Cross-linked polymer networks that can be disrupted through application of an external stimulus are highly relevant, e.g., as adhesives with debond-on-demand properties for manufacturing (semiconductor, automotive, aerospace, construction, packaging, sportswear), healthcare applications (wound dressing, transdermal patches), and numerous other domains, and they can significantly contribute to the sustainable use of materials (repairing, reworking, recycling). In all cases, there is a technological need for effective and environmentally benign solutions that provide secure adhesion during use, while also permitting for a simple and clean separation of bonded parts “on command” without the need for additional complex process steps.

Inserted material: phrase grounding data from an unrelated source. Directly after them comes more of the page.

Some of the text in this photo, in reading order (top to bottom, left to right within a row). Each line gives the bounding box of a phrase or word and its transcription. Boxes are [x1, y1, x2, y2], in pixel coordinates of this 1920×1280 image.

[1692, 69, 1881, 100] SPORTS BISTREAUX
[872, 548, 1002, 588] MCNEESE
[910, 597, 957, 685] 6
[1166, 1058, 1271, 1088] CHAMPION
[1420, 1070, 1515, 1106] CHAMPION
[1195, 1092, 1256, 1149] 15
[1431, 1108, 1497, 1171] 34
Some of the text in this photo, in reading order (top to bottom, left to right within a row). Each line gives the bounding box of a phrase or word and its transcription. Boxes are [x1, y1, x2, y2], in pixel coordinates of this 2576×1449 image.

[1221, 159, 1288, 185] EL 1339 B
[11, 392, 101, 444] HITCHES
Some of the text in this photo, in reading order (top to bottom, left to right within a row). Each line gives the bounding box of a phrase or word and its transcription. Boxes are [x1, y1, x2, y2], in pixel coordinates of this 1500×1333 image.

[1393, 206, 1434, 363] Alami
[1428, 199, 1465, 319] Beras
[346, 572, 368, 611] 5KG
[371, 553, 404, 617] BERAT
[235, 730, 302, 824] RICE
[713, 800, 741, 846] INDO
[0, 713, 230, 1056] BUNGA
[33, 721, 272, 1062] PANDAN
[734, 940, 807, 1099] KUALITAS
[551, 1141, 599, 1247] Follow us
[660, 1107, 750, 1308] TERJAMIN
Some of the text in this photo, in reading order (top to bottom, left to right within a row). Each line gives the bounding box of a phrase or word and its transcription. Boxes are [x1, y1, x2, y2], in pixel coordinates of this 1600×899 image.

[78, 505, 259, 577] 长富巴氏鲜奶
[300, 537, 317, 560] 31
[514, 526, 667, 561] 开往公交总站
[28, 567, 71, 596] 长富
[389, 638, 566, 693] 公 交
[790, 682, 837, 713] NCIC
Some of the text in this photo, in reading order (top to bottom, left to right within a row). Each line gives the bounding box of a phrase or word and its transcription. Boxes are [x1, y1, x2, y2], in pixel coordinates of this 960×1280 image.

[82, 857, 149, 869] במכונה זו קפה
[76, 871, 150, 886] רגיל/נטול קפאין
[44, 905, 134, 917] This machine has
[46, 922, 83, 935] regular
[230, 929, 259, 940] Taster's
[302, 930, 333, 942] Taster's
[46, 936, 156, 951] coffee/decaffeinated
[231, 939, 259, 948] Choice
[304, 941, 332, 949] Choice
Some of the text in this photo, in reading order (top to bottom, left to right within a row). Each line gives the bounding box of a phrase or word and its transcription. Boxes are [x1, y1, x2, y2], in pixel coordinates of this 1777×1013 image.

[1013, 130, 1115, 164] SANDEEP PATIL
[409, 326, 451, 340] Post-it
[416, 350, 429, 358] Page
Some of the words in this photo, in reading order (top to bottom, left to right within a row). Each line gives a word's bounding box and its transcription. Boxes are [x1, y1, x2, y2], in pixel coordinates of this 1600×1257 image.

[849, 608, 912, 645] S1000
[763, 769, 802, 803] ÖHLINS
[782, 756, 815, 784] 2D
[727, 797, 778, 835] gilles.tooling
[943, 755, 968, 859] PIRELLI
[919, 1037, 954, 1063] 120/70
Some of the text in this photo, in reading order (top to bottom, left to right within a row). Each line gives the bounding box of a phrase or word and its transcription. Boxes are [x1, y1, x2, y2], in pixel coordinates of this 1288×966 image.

In this context, a new technology has been developed based on the unprecedented use of azo compounds as the stimuli-responsive components in adhesive formulations. The stimulus triggering the de-bonding of the adhesive, which can be either UV irradiation (380 nm) or heat (>100°C), induces the selective cleavage of the azo moiety consequently causing the degradation of the polymer. As additional benefit, the nitrogen gas evolved during the photodecomposition of the azo group causes the foaming of the polymer matrix facilitating the separation of the glued components. In this contest, novel azo compounds functionalized with a variety of reactive groups have been synthesized in our group and tested as curing agents for the preparation of two-component glues. A combination of an epoxy prepolymer and an azo compound functionalized with a secondary amine (azo-NHR) was found to be the most promising formulation in terms of curing time, strength, and de-bonding ability. The mechanical properties of the azo-epoxy glue are comparable with those measured for commercial epoxy adhesives (strain at break ~10 MPa).